3. Experiments and Results

To assess the effectiveness of our proposed fatigue monitoring model, we designed two distinct tasks. The first task involved the classification of driver states, while the second task focused on regression analysis. Through these tasks, we aimed to comprehensively evaluate the model’s ability to accurately detect and predict driver fatigue levels. The results of our experiments indicate that the proposed model performed exceptionally well in both tasks, demonstrating its potential for practical implementations in real-world settings.

3.1 Dataset

We evaluated the feasibility of our proposed method using the open-source SEED-VIG dataset [47]. SEED-VIG is a large vigilance estimation dataset; the data were collected from 23 participants through testing in a simulated driving environment. The samples were acquired from 17 electrode channels according to the international standard 10–20 system and sampled at 200 Hz. Recordings were acquired from seventeen EEG channels in temporal (‘FT7’, ‘FT8’, ‘T7’, ‘T8’, ‘TP7’, ‘TP8’) and posterior (‘CP1’, ‘CP2’, ‘P1’, ‘PZ’, ‘P2’, ‘PO3’, ‘POZ’, ‘PO4’, ‘O1’, ‘OZ’, ‘O2’) brain regions. Most of the participants were asked to perform the simulation after lunch to increase the possibility of fatigue [47, 48].

SensoMotoric Instruments (SMI) Eye-Tracking Glasses 2 use an infrared camera to record eye gazes and several eye movements, including blinks, eye closures (CLOS), saccades, and fixations. Accordingly, the vigilance score, measured by the PERCLOS [17] metric, was calculated as the percentage of blinks and CLOS over the total duration of these four activities, which can be formulated as follows:

(12) PERCLOS = blink + CLOS blink + fixation + saccade + CLOS

In our classification experiments, we dichotomized the label values into two categories, “awake” and “fatigued”, by setting a threshold of 0.35. By employing this approach, we were able to distinguish between the two driver states and evaluate the performance of our proposed method in terms of accurately classifying instances of fatigue.

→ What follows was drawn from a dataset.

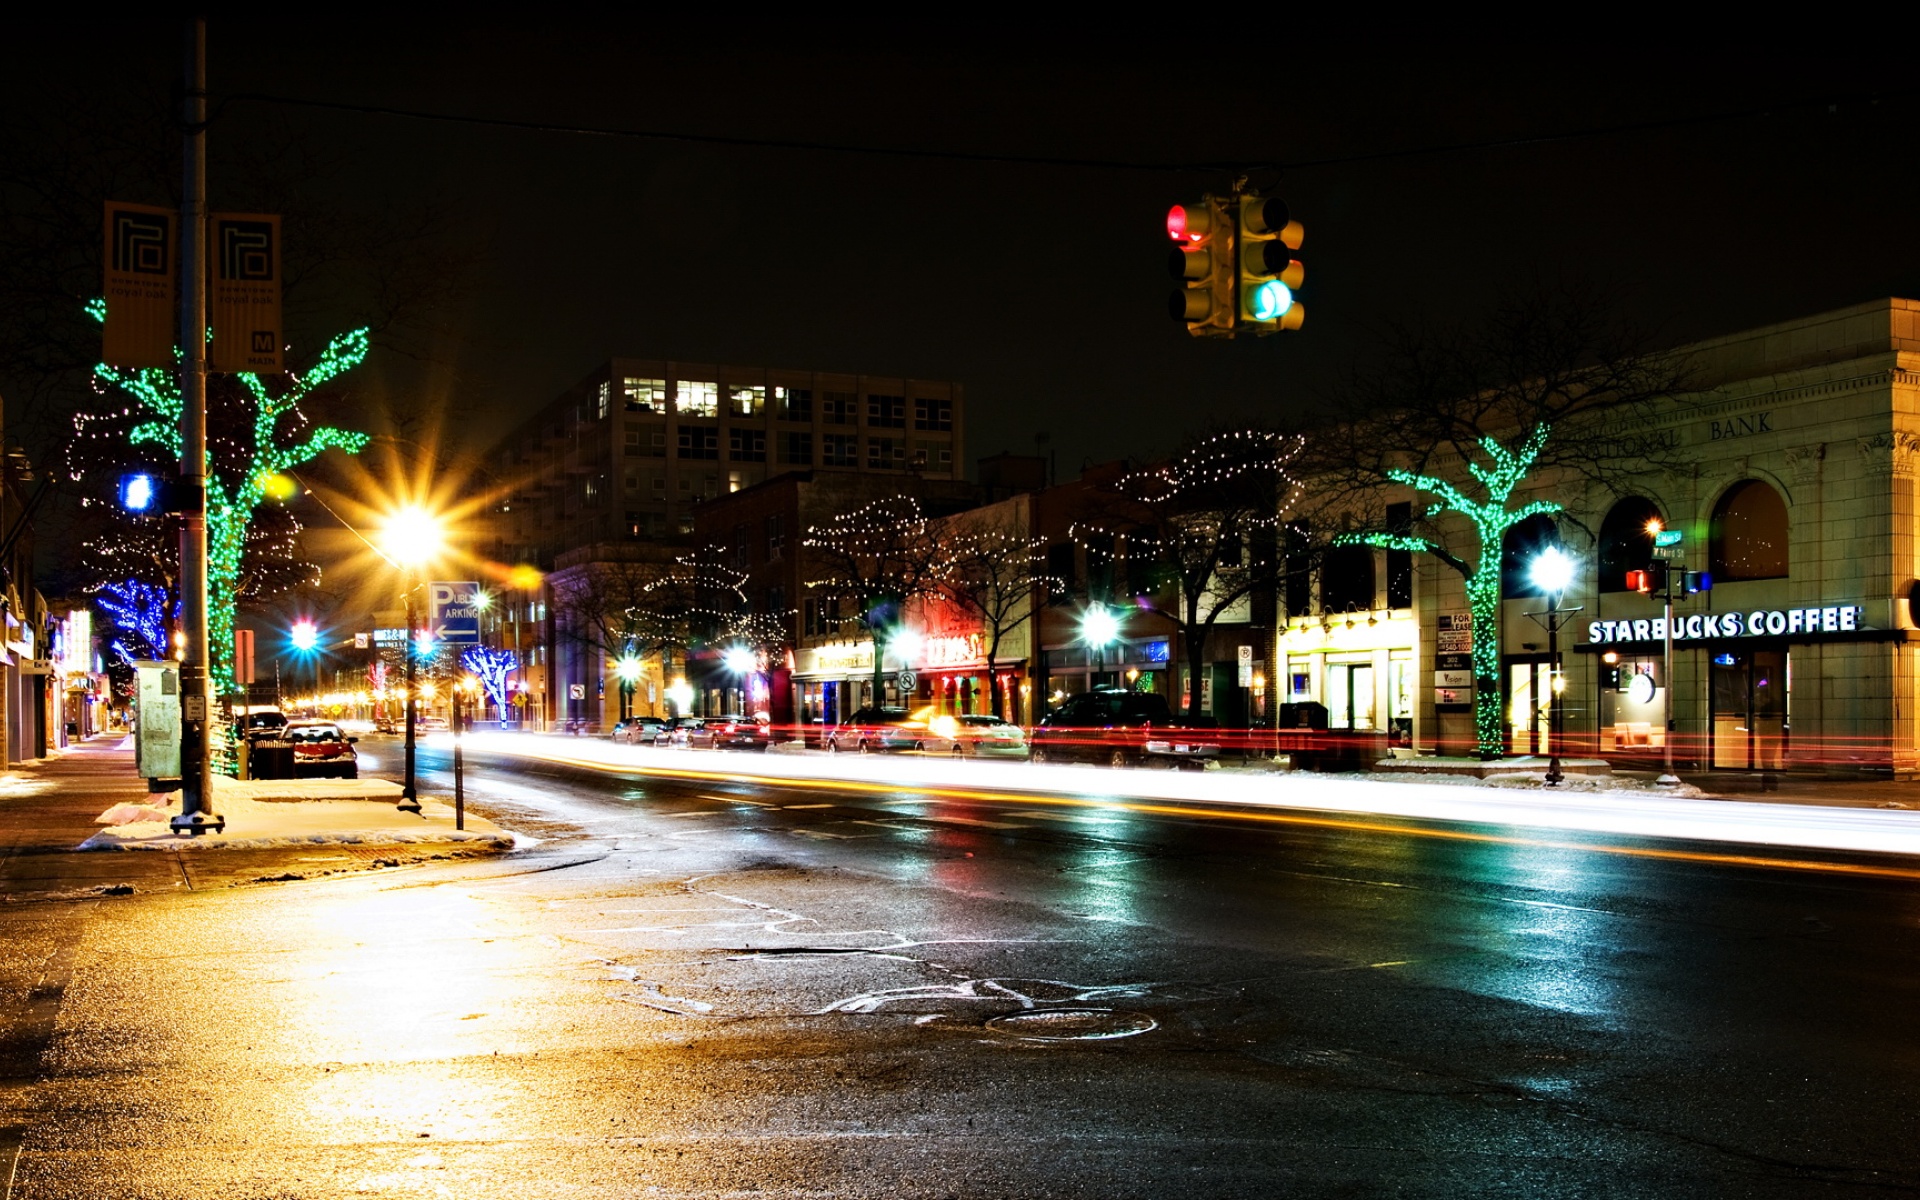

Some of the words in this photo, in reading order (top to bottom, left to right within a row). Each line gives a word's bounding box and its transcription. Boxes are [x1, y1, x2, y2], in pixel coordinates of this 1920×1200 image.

3.2 Implementation Details
3.2.1 EEG Data Preprocessing

During the dataset extraction process, we extracted the original EEG signals of the 17 channels from each data group for the 23 participants in the SEED-VIG dataset, and each channel contained 1,416,000 EEG data points. Because 885 EEG samples from this dataset were used to determine the PERCLOS value every 8 seconds and the EEG sampling frequency was 200 Hz, 1600 EEG data points corresponded to a sample. We extracted five EEG features (delta, theta, alpha, beta, and gamma) from each sample using 100 data points as DE features and obtained 16 DE features corresponding to a label value. Because we considered 23 participant samples, the dimensionality was [325,680, 17, 5] after extracting the DE features, where 325,680 represents the DE features, 17 represents the number of channels, and 5 represents the number of frequency bands. We reprocessed the DE features of the data to obtain an array with dimensions of [20,355, 16, 17, 5]. The Ghost bottleneck feature extraction process accepts inputs only in image format. Therefore, we created a new array with the shape of [20,355, 16, 6, 9, 5]. We equally inserted the 17 data channels with a shape of [20,355, 16, 17, 5] into dimensions 6 and 9 of the array, and we used the swapaxes function to transform the data into the shape of [20,355, 16, 5, 6, 9] so that we had a data form that was similar to an image. We stored the data of the 17 channels in an array with length and width parameters of 6 and 9, respectively, and adjusted the array to [20,355, 16, 5, 6, 9]. The dimensional changes associated with each module during training are shown in Table 1.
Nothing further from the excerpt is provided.